:: Exercise brief ::
A word-for-word copy of all entries is required, without images.

++++ Supplied records

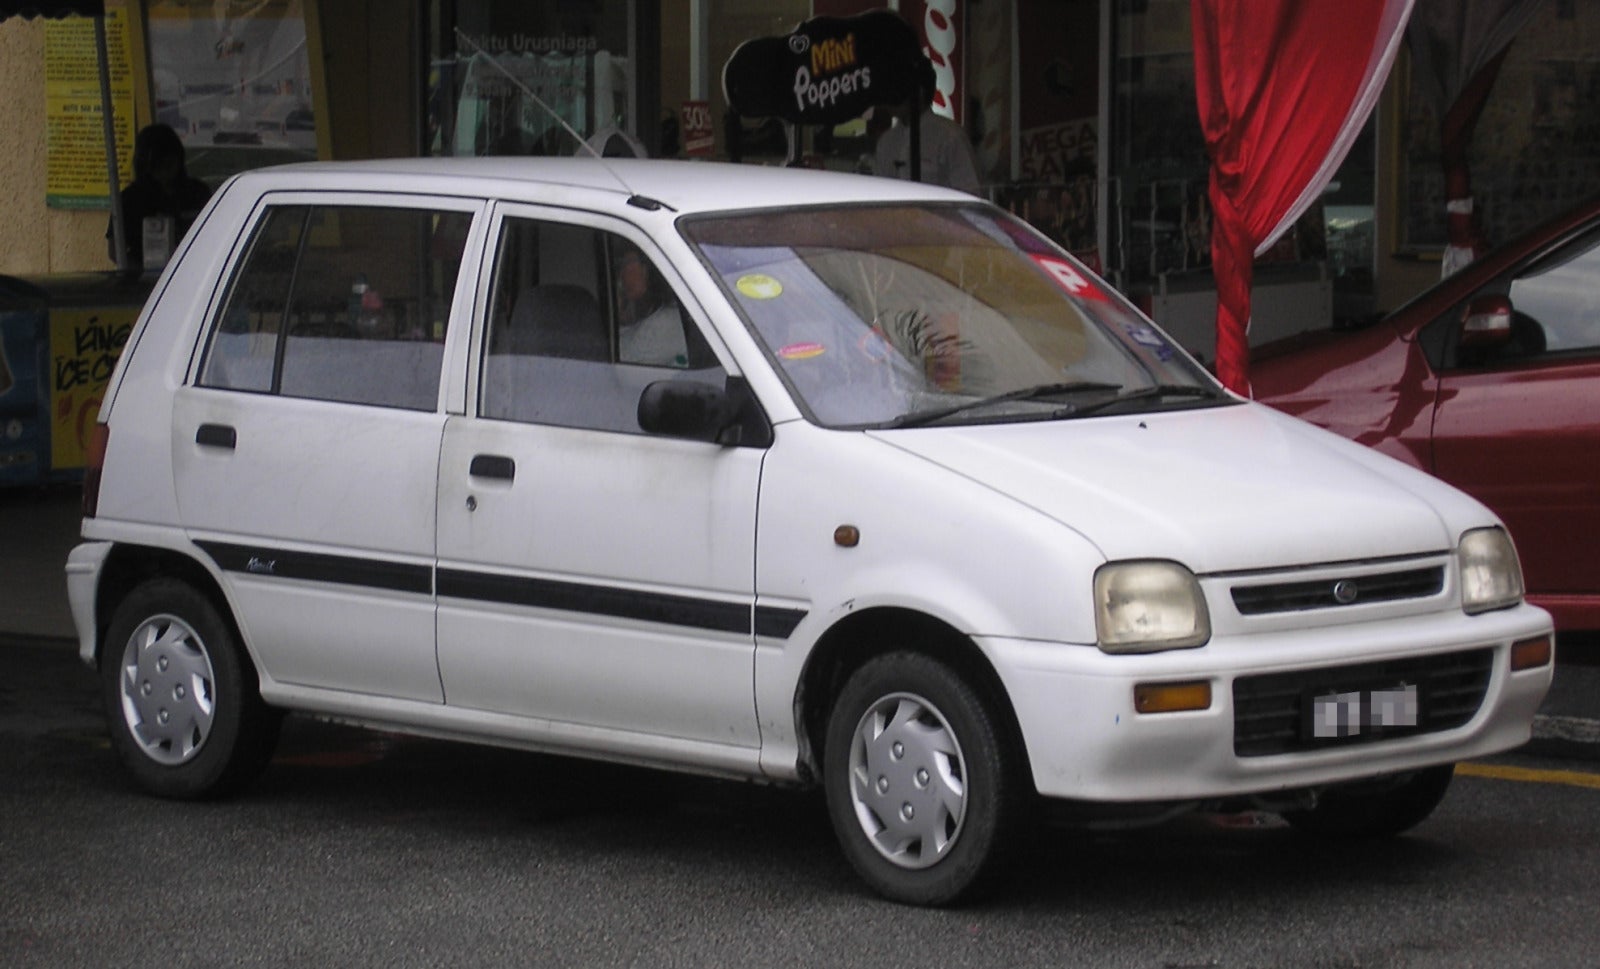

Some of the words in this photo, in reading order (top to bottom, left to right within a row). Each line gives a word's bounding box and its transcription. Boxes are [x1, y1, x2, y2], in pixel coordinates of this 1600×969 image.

[513, 32, 597, 53] Urusniaga
[794, 65, 871, 111] Poppers
[683, 106, 713, 130] 30%
[1020, 124, 1097, 157] MEGA
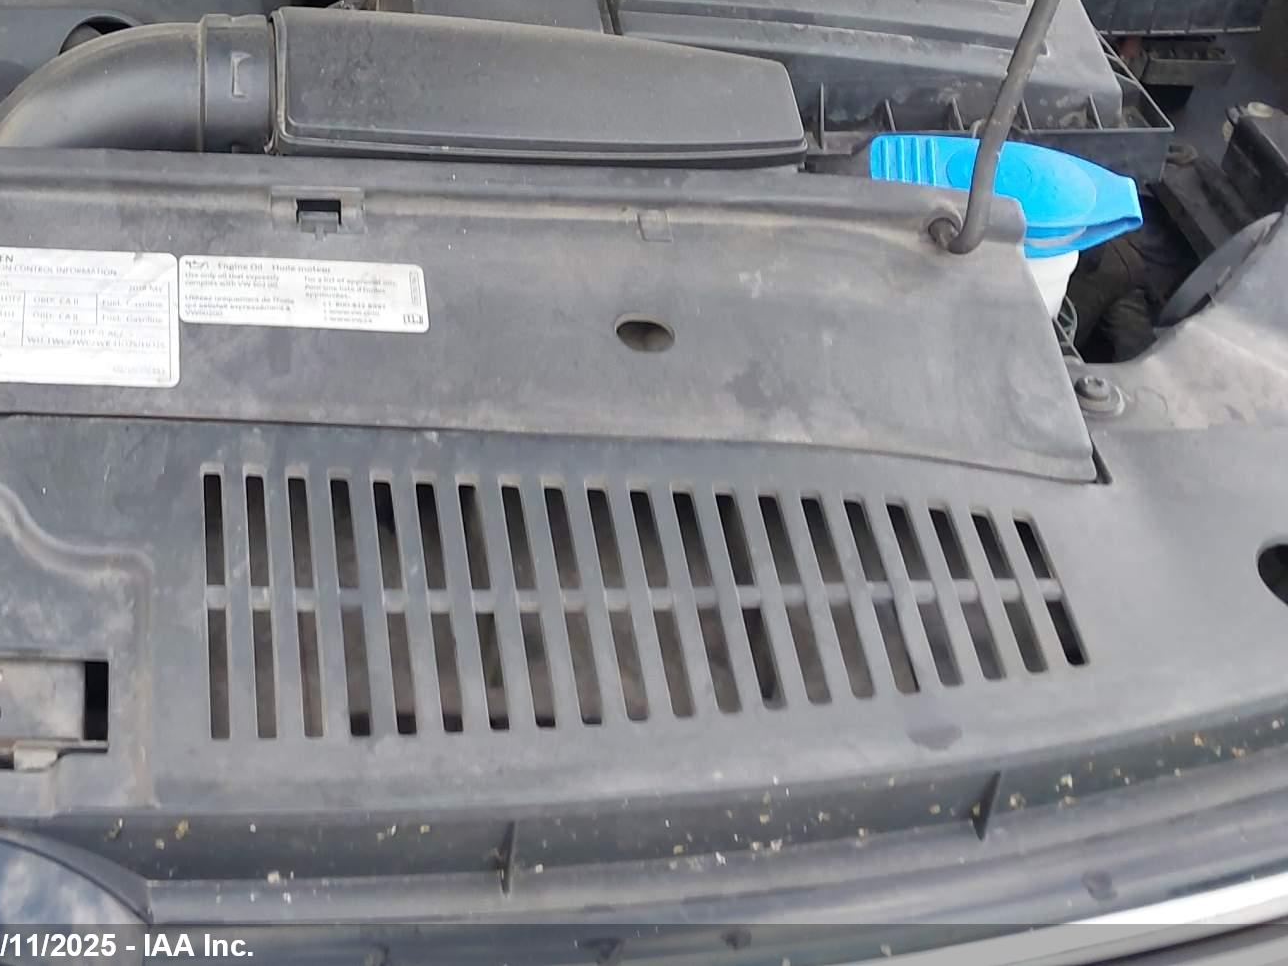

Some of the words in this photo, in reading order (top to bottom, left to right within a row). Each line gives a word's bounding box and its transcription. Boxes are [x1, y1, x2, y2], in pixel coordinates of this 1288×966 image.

[14, 266, 53, 274] CONTROL
[56, 267, 117, 276] INFORMATION
[218, 262, 248, 272] Engine
[250, 263, 262, 271] Oil

++++++++

:: Exercise solution ::
Some of the words in this photo, in reading order (top to bottom, left to right within a row). Each line gives a word's bounding box and its transcription. Boxes are [x1, y1, x2, y2], in pixel coordinates of this 1600×969 image.

[513, 32, 597, 53] Urusniaga
[794, 65, 871, 111] Poppers
[683, 106, 713, 130] 30%
[1020, 124, 1097, 157] MEGA

Some of the words in this photo, in reading order (top to bottom, left to right within a row). Each line gives a word's bounding box and its transcription. Boxes are [x1, y1, x2, y2], in pixel coordinates of this 1288×966 image.

[14, 266, 53, 274] CONTROL
[56, 267, 117, 276] INFORMATION
[218, 262, 248, 272] Engine
[250, 263, 262, 271] Oil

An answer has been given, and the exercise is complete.